» Your assignment: Please copy all of the data that follows exactly, leaving any pictures out.

----------------

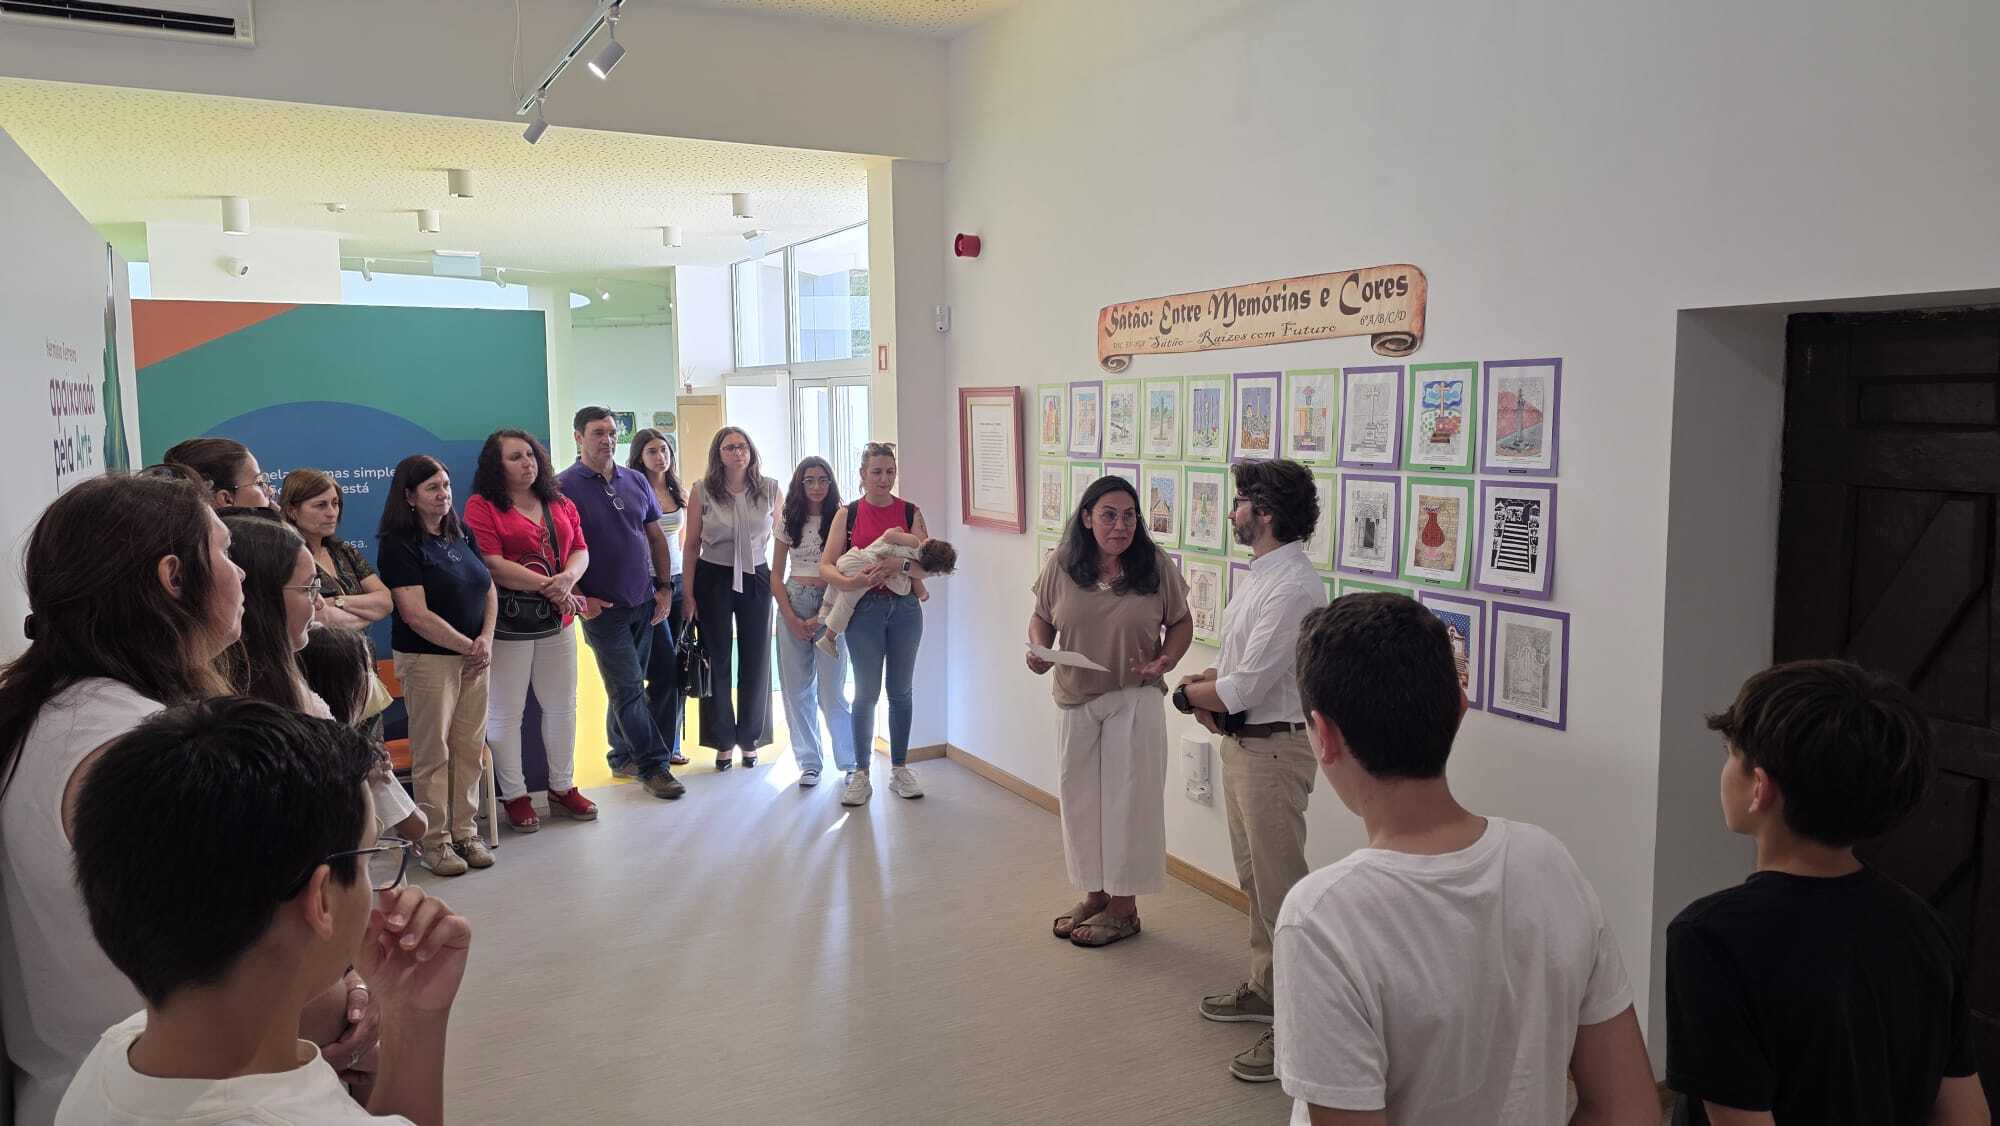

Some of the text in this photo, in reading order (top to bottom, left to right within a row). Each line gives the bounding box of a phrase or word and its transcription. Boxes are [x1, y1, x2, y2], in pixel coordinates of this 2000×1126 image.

[1159, 300, 1201, 335] Entre
[1207, 284, 1311, 328] Memórias
[1319, 287, 1331, 308] e
[1339, 272, 1409, 316] Cores
[1250, 331, 1276, 342] com
[1281, 320, 1337, 338] Futuro
[49, 373, 96, 434] apaixonado
[53, 424, 93, 495] pela Arte
[353, 466, 397, 480] simple
[342, 481, 369, 494] está

----------------

» Task answer:
Some of the text in this photo, in reading order (top to bottom, left to right within a row). Each line gives the bounding box of a phrase or word and its transcription. Boxes are [x1, y1, x2, y2], in pixel coordinates of this 2000×1126 image.

[1159, 300, 1201, 335] Entre
[1207, 284, 1311, 328] Memórias
[1319, 287, 1331, 308] e
[1339, 272, 1409, 316] Cores
[1250, 331, 1276, 342] com
[1281, 320, 1337, 338] Futuro
[49, 373, 96, 434] apaixonado
[53, 424, 93, 495] pela Arte
[353, 466, 397, 480] simple
[342, 481, 369, 494] está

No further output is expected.